(Items from a data source)

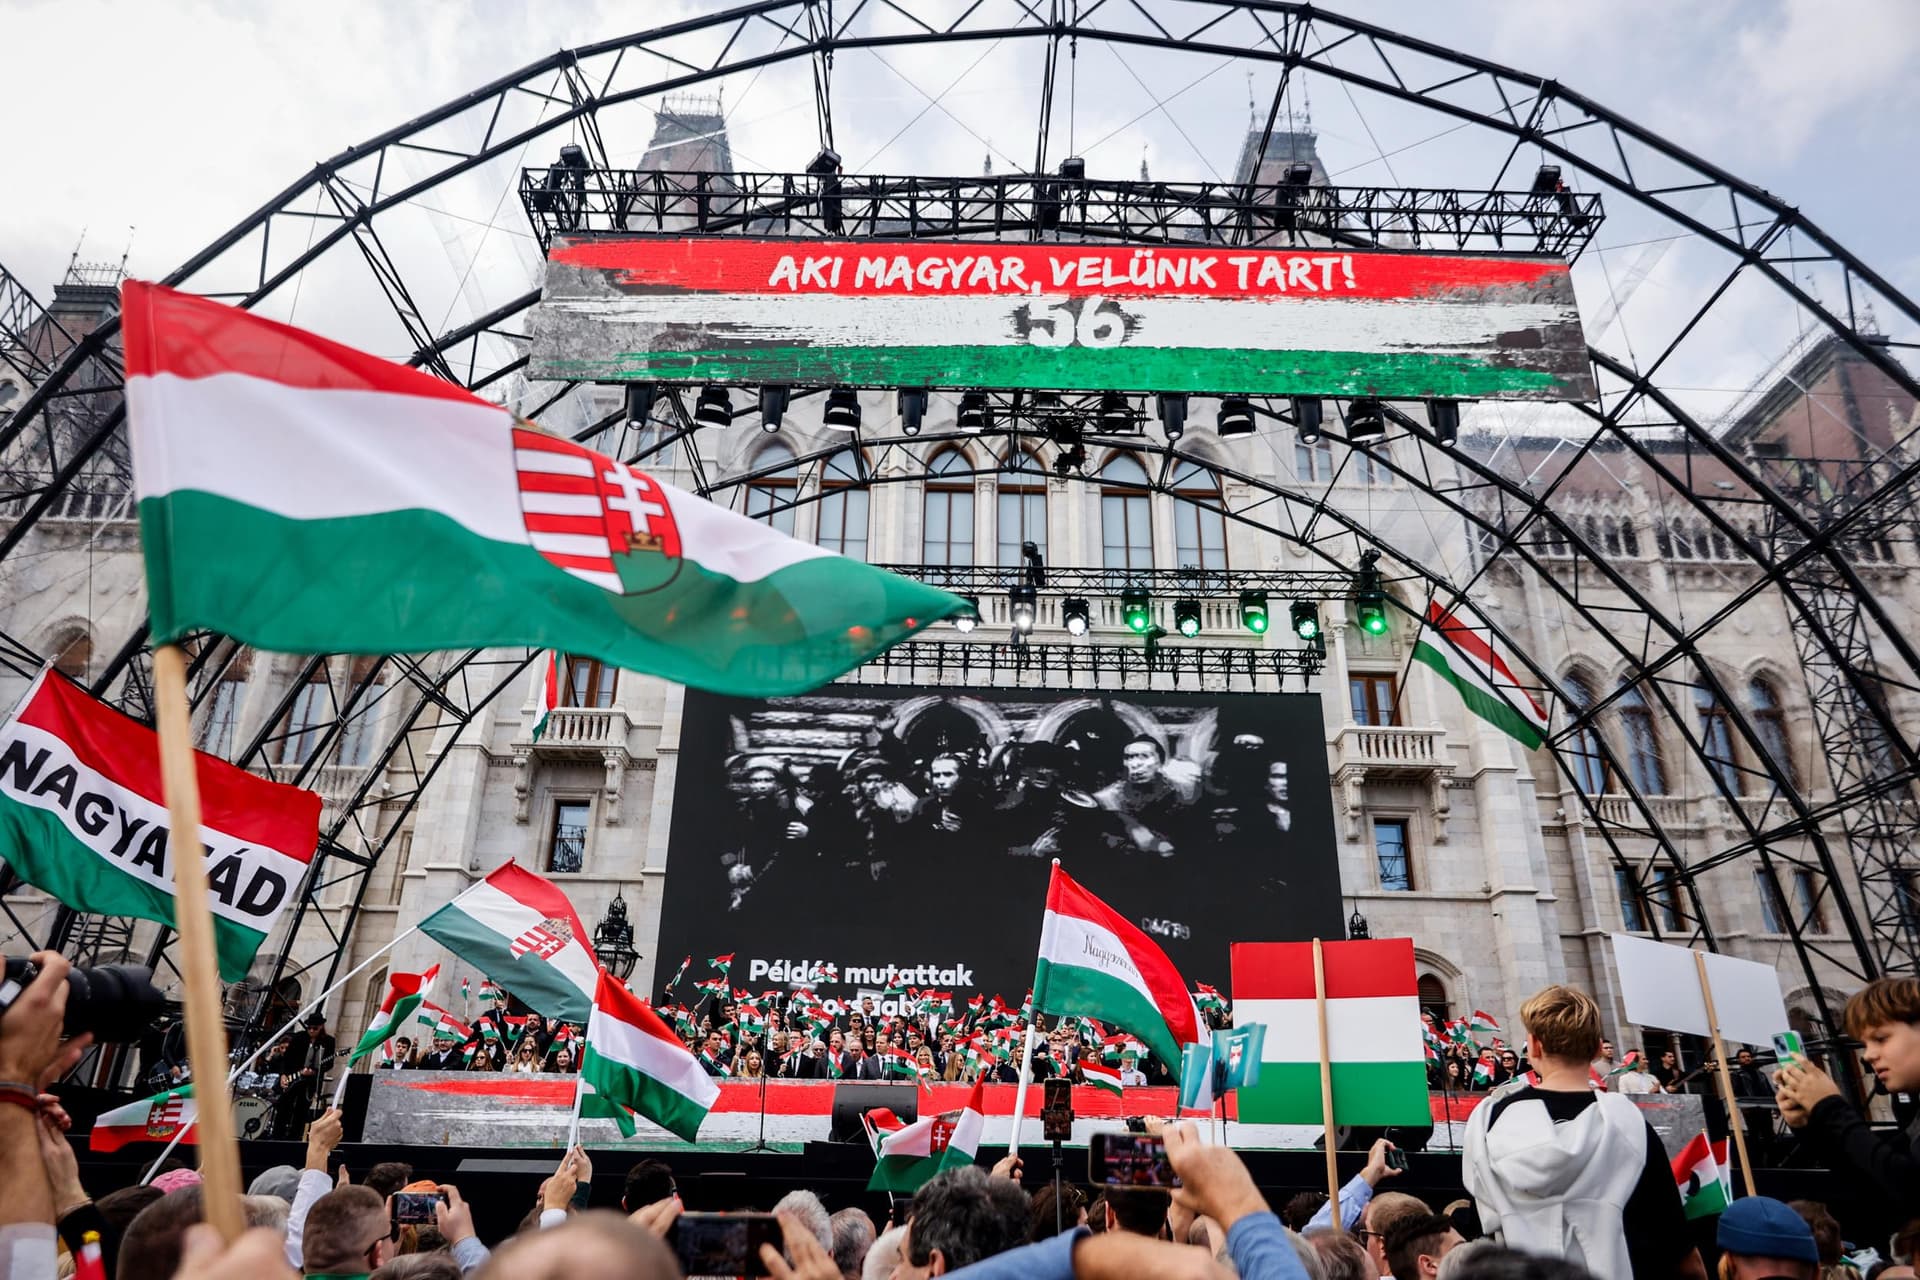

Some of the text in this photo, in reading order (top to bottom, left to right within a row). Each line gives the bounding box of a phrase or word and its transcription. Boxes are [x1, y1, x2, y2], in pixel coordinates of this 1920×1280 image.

[768, 249, 1357, 297] AKI MAGYAR, VELÜNK TART!
[1028, 293, 1126, 348] 56
[0, 739, 287, 917] NAGYAÁD
[749, 959, 974, 986] Példát mutattak
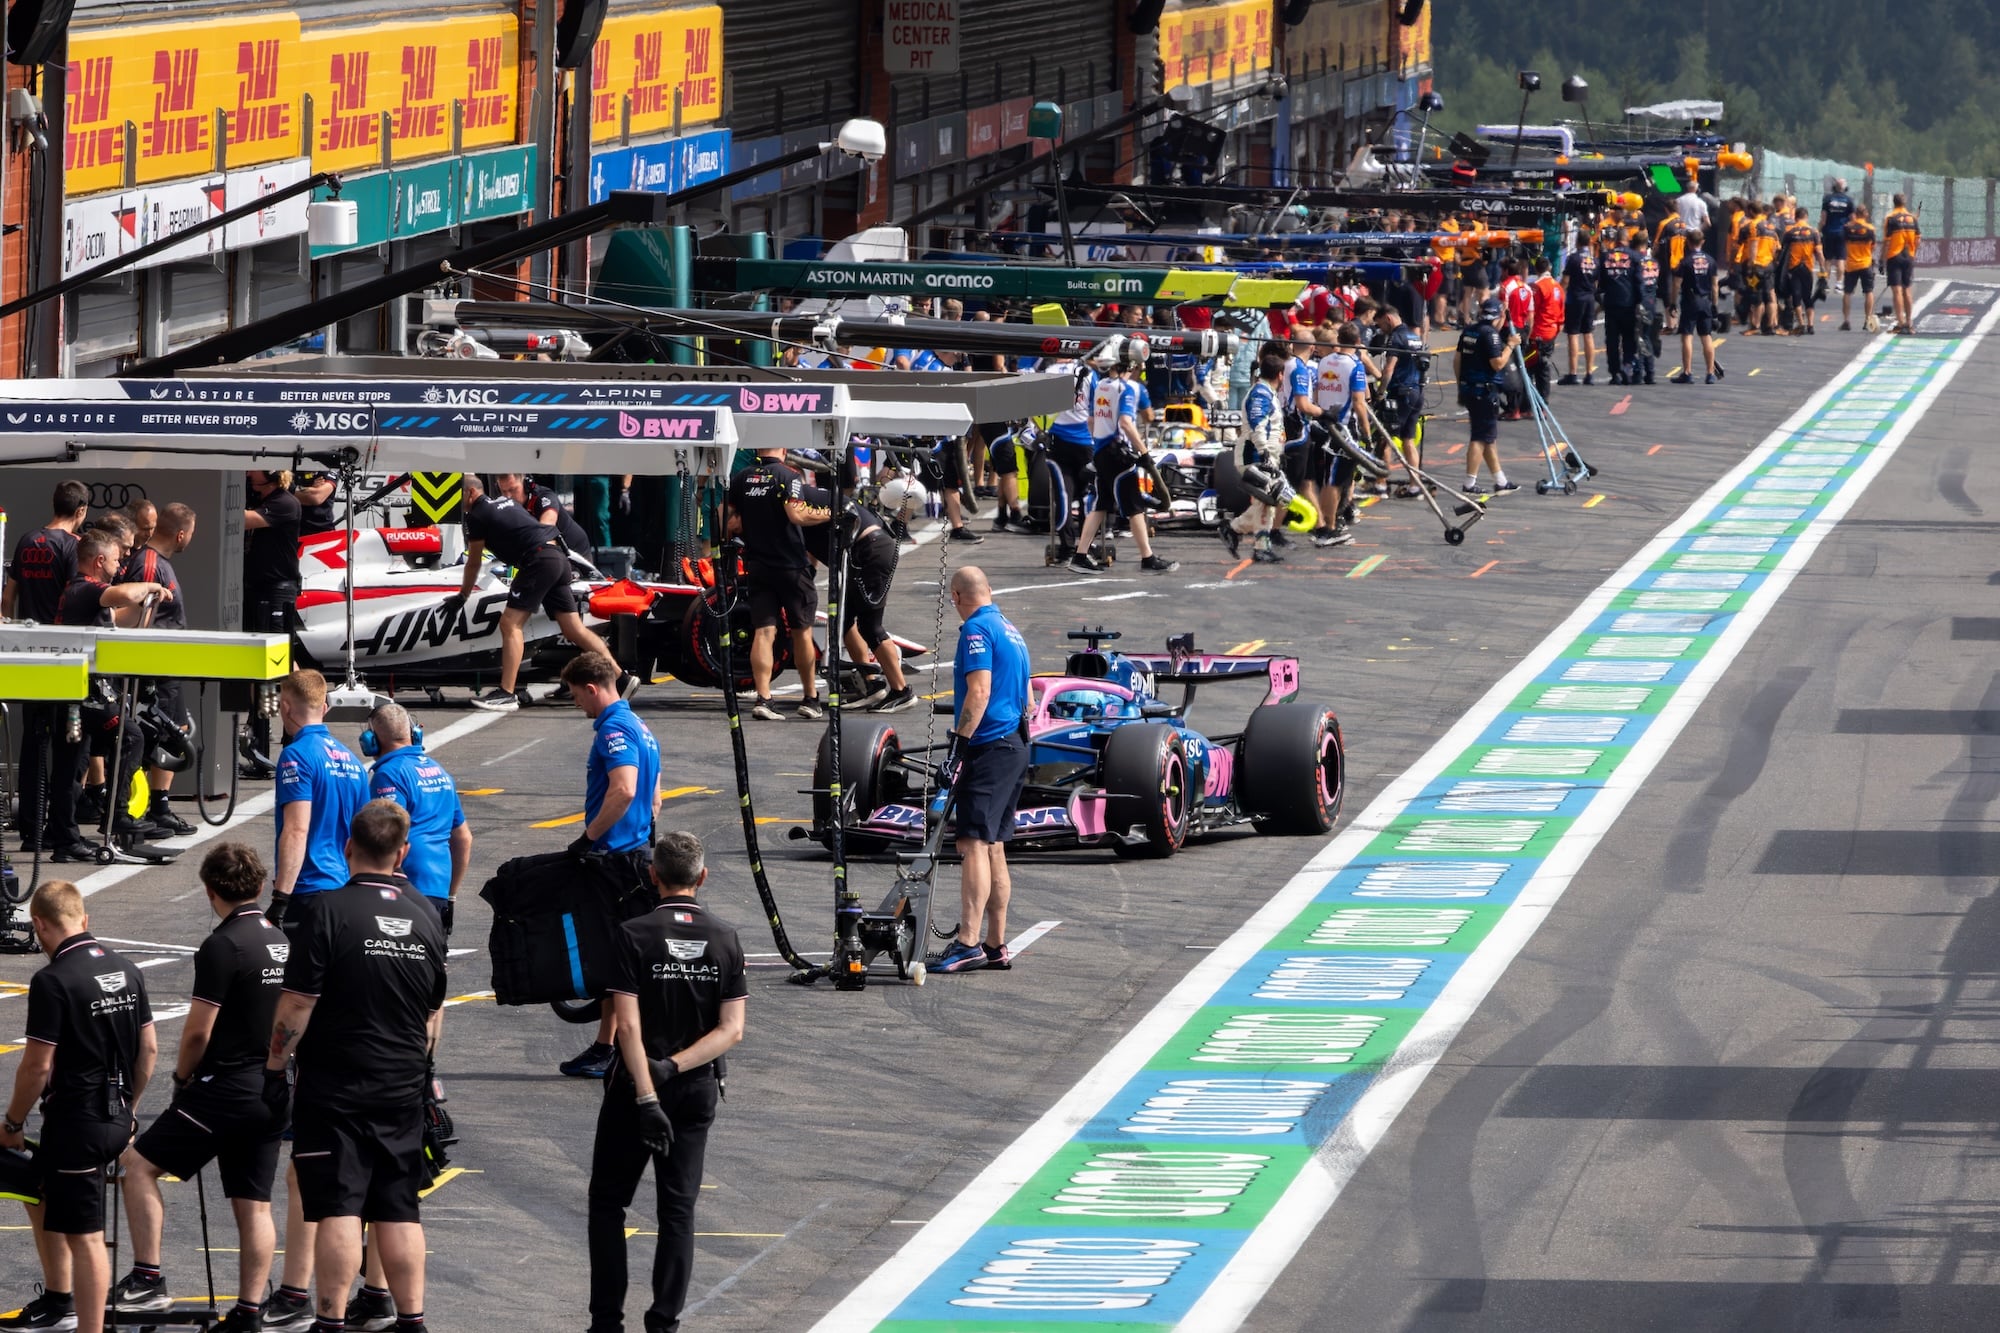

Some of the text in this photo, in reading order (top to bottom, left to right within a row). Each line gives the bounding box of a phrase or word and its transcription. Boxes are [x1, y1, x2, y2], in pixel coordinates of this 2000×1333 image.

[888, 2, 955, 21] MEDICAL
[892, 26, 951, 45] CENTER
[910, 51, 933, 68] PIT
[466, 36, 504, 128] DHL
[235, 39, 280, 144] DHL
[328, 51, 371, 150] DHL
[400, 46, 438, 138] DHL
[152, 48, 200, 156] DHL
[494, 173, 520, 199] ALONSO
[421, 189, 441, 215] STROLL
[1508, 204, 1557, 213] LOGISTICS
[85, 231, 106, 261] OCON
[806, 271, 914, 286] ASTON MARTIN
[925, 273, 994, 289] aramco
[1067, 278, 1143, 293] Built on arm
[1148, 335, 1184, 347] TGR
[175, 388, 821, 413] CASTORE BETTER NEVER STOPS MSC ALPINE BWT
[34, 412, 702, 439] CASTORE BETTER NEVER STOPS MSC ALPINE BWT
[460, 424, 528, 434] FORMULA ONE TEAM
[386, 531, 426, 543] RUCKUS
[340, 592, 511, 656] HAAS
[1183, 739, 1202, 757] SC
[364, 938, 426, 953] CADILLAC
[364, 949, 399, 958] FORMULA
[652, 962, 719, 975] CADILLAC
[652, 973, 690, 981] FORMULA
[90, 993, 137, 1010] CADILLAC
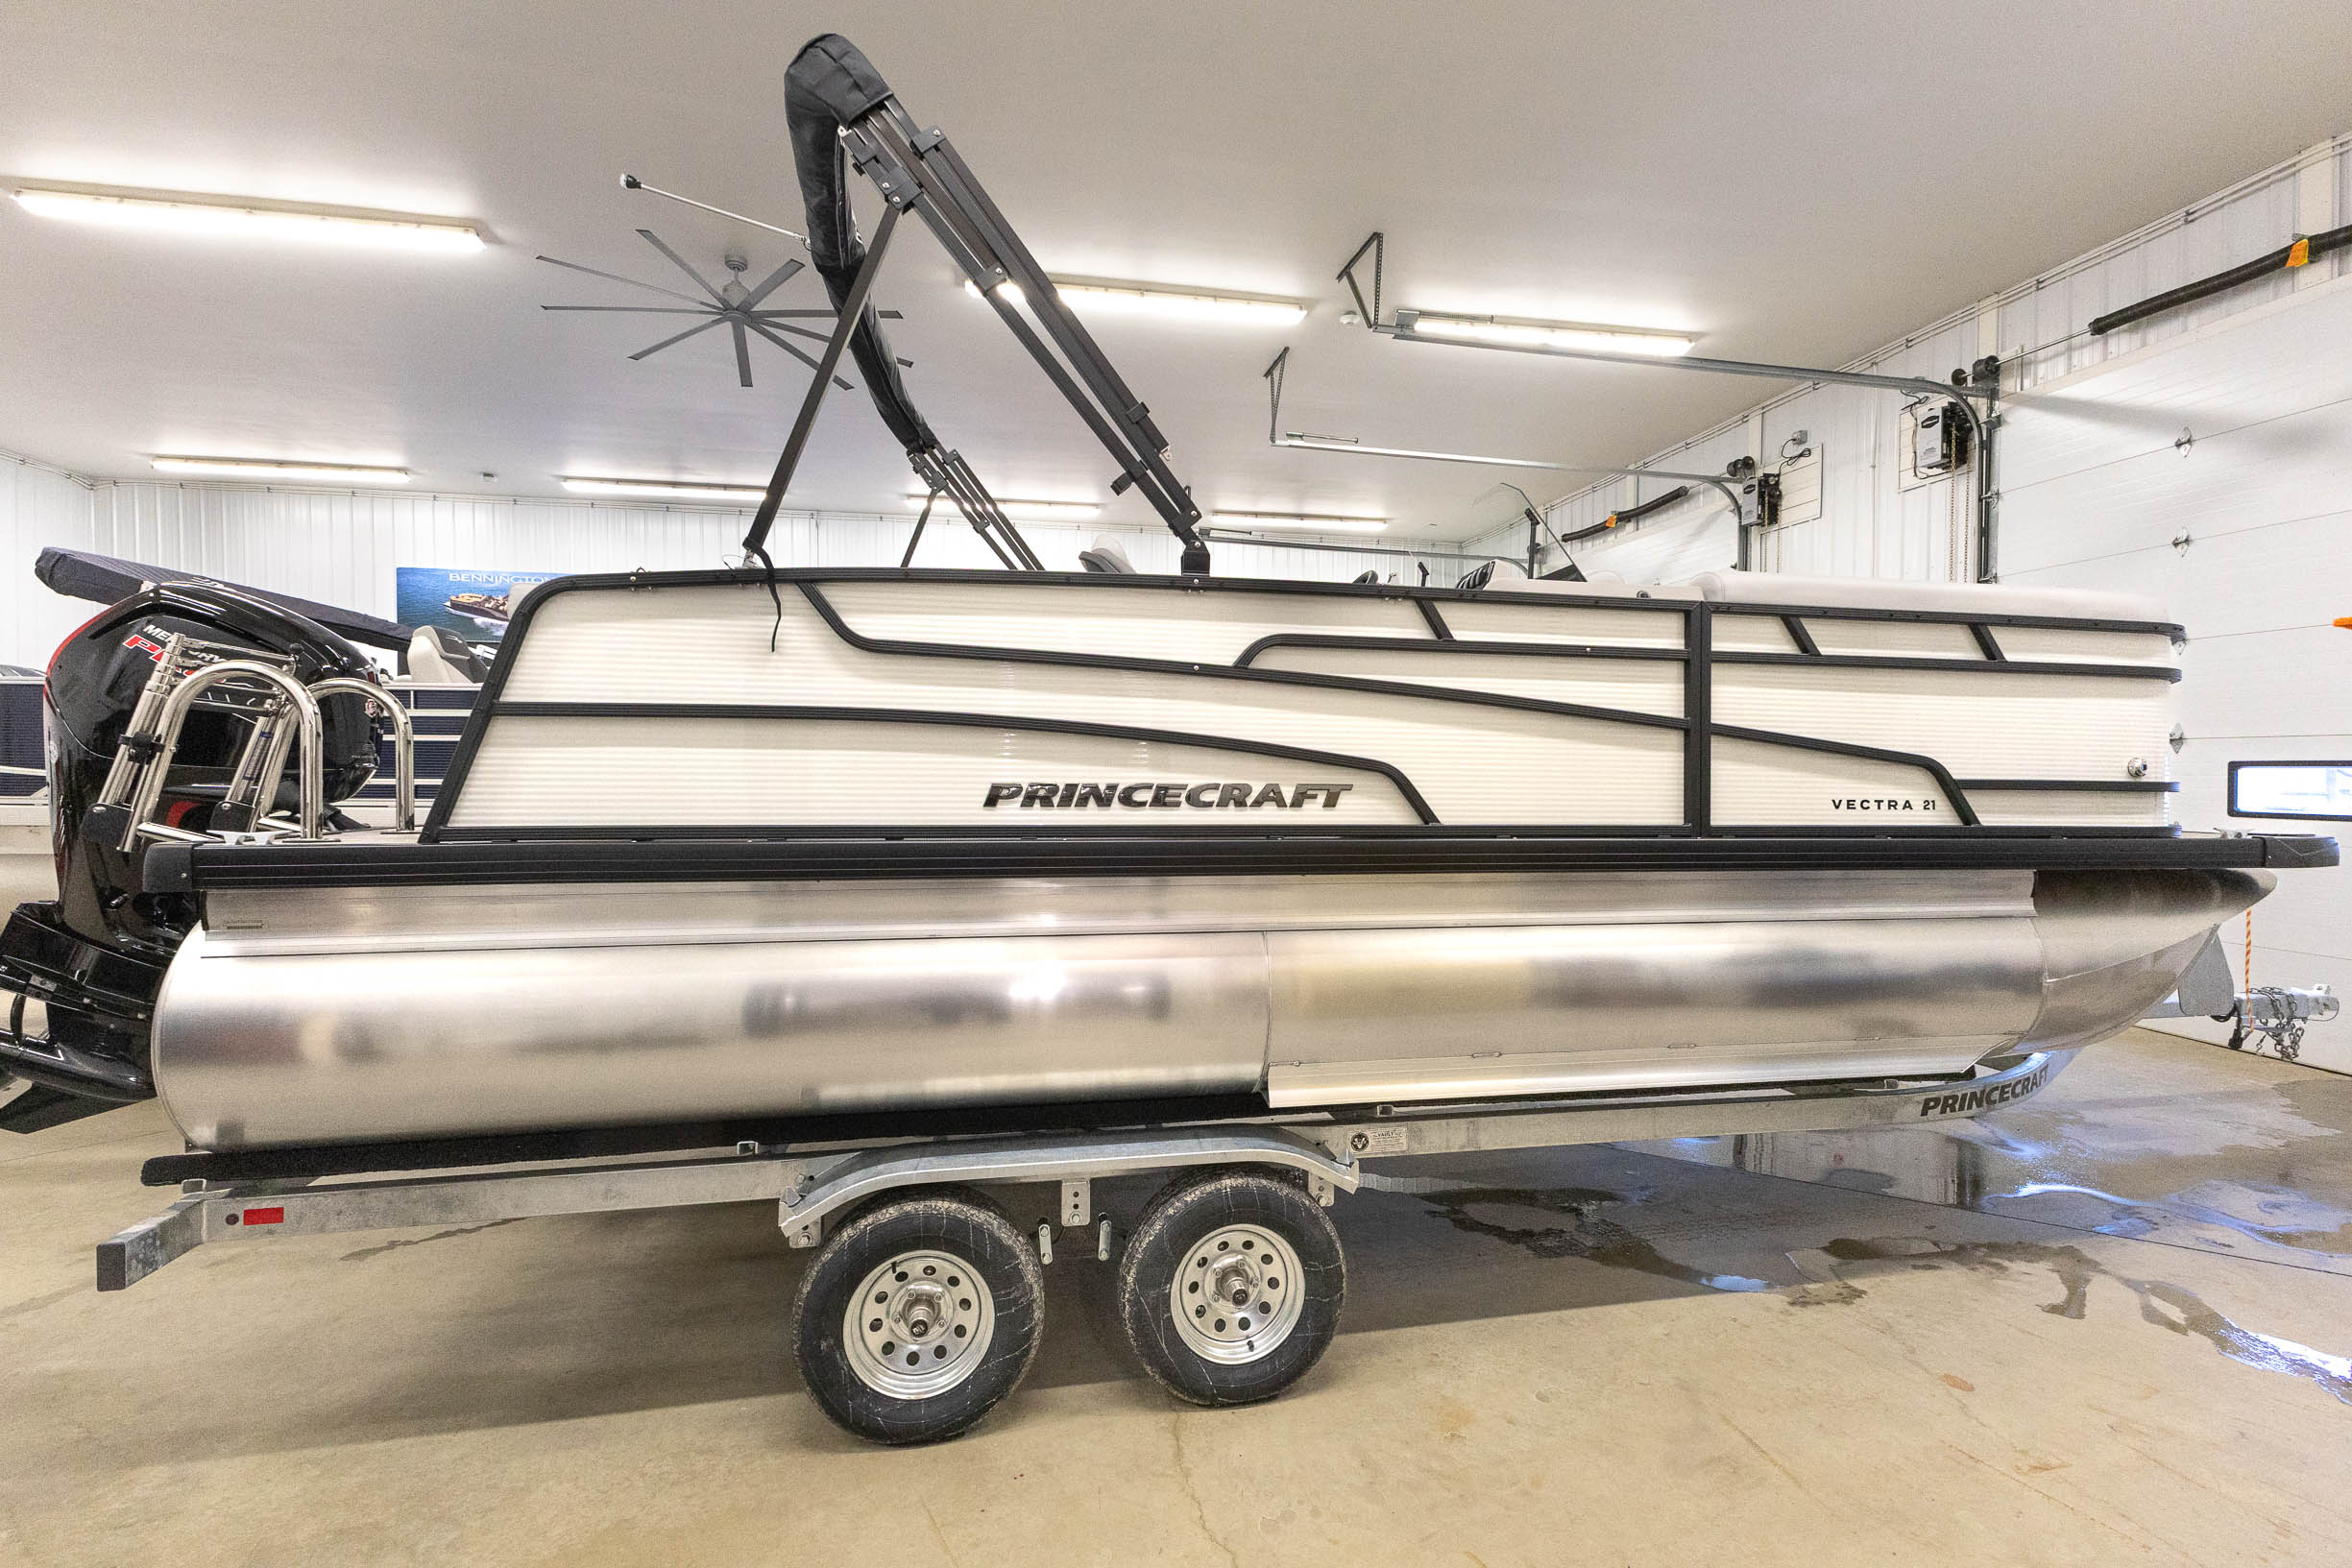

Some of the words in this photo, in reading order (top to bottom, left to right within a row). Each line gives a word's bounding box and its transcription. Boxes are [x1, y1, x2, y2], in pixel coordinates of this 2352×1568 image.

> **WHAT THE TASK ASKS**
A verbatim copy of the data, free of pictures, is the expected answer.

> **TASK ANSWER**
Some of the text in this photo, in reading order (top to bottom, left to right within a row). Each line gives the bounding box of a phrase or word and its transcription. Boxes are [x1, y1, x2, y2], in pixel coordinates of this 1920×1280 image.

[768, 249, 1357, 297] AKI MAGYAR, VELÜNK TART!
[1028, 293, 1126, 348] 56
[0, 739, 287, 917] NAGYAÁD
[749, 959, 974, 986] Példát mutattak

Some of the text in this photo, in reading order (top to bottom, left to right within a row). Each line gives the bounding box of a phrase or word and its transcription. Boxes are [x1, y1, x2, y2], in pixel coordinates of this 2000×1333 image.

[888, 2, 955, 21] MEDICAL
[892, 26, 951, 45] CENTER
[910, 51, 933, 68] PIT
[466, 36, 504, 128] DHL
[235, 39, 280, 144] DHL
[328, 51, 371, 150] DHL
[400, 46, 438, 138] DHL
[152, 48, 200, 156] DHL
[494, 173, 520, 199] ALONSO
[421, 189, 441, 215] STROLL
[1508, 204, 1557, 213] LOGISTICS
[85, 231, 106, 261] OCON
[806, 271, 914, 286] ASTON MARTIN
[925, 273, 994, 289] aramco
[1067, 278, 1143, 293] Built on arm
[1148, 335, 1184, 347] TGR
[175, 388, 821, 413] CASTORE BETTER NEVER STOPS MSC ALPINE BWT
[34, 412, 702, 439] CASTORE BETTER NEVER STOPS MSC ALPINE BWT
[460, 424, 528, 434] FORMULA ONE TEAM
[386, 531, 426, 543] RUCKUS
[340, 592, 511, 656] HAAS
[1183, 739, 1202, 757] SC
[364, 938, 426, 953] CADILLAC
[364, 949, 399, 958] FORMULA
[652, 962, 719, 975] CADILLAC
[652, 973, 690, 981] FORMULA
[90, 993, 137, 1010] CADILLAC

Some of the words in this photo, in reading order (top to bottom, left to right within a row). Each line gives a word's bounding box and its transcription. Boxes are [x1, y1, x2, y2], in pixel coordinates of this 2352×1568 image.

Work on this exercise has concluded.